[Items listed in a dataset]
= = = = =
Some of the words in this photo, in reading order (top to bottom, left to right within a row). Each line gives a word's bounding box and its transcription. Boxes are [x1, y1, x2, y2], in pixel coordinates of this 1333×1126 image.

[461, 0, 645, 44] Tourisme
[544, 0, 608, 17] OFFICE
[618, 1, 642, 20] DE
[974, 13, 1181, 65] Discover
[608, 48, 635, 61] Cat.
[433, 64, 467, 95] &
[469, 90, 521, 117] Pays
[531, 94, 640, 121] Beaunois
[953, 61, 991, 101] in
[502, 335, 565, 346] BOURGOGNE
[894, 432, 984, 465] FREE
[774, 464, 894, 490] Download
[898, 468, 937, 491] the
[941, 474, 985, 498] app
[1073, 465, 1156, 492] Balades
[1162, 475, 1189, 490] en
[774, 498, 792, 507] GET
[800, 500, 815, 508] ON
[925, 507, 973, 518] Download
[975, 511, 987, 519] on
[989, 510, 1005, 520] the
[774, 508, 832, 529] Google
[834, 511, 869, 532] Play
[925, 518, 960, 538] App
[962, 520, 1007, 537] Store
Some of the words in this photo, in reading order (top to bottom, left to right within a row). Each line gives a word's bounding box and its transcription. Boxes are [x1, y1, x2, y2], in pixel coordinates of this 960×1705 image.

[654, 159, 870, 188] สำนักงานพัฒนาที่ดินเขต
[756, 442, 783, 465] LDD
= = = = =
> **About this task**:
Each entry needs to be copied out exactly as written.

> **Response**:
Some of the words in this photo, in reading order (top to bottom, left to right within a row). Each line gives a word's bounding box and its transcription. Boxes are [x1, y1, x2, y2], in pixel coordinates of this 1333×1126 image.

[461, 0, 645, 44] Tourisme
[544, 0, 608, 17] OFFICE
[618, 1, 642, 20] DE
[974, 13, 1181, 65] Discover
[608, 48, 635, 61] Cat.
[433, 64, 467, 95] &
[469, 90, 521, 117] Pays
[531, 94, 640, 121] Beaunois
[953, 61, 991, 101] in
[502, 335, 565, 346] BOURGOGNE
[894, 432, 984, 465] FREE
[774, 464, 894, 490] Download
[898, 468, 937, 491] the
[941, 474, 985, 498] app
[1073, 465, 1156, 492] Balades
[1162, 475, 1189, 490] en
[774, 498, 792, 507] GET
[800, 500, 815, 508] ON
[925, 507, 973, 518] Download
[975, 511, 987, 519] on
[989, 510, 1005, 520] the
[774, 508, 832, 529] Google
[834, 511, 869, 532] Play
[925, 518, 960, 538] App
[962, 520, 1007, 537] Store
Some of the words in this photo, in reading order (top to bottom, left to right within a row). Each line gives a word's bounding box and its transcription. Boxes are [x1, y1, x2, y2], in pixel coordinates of this 960×1705 image.

[654, 159, 870, 188] สำนักงานพัฒนาที่ดินเขต
[756, 442, 783, 465] LDD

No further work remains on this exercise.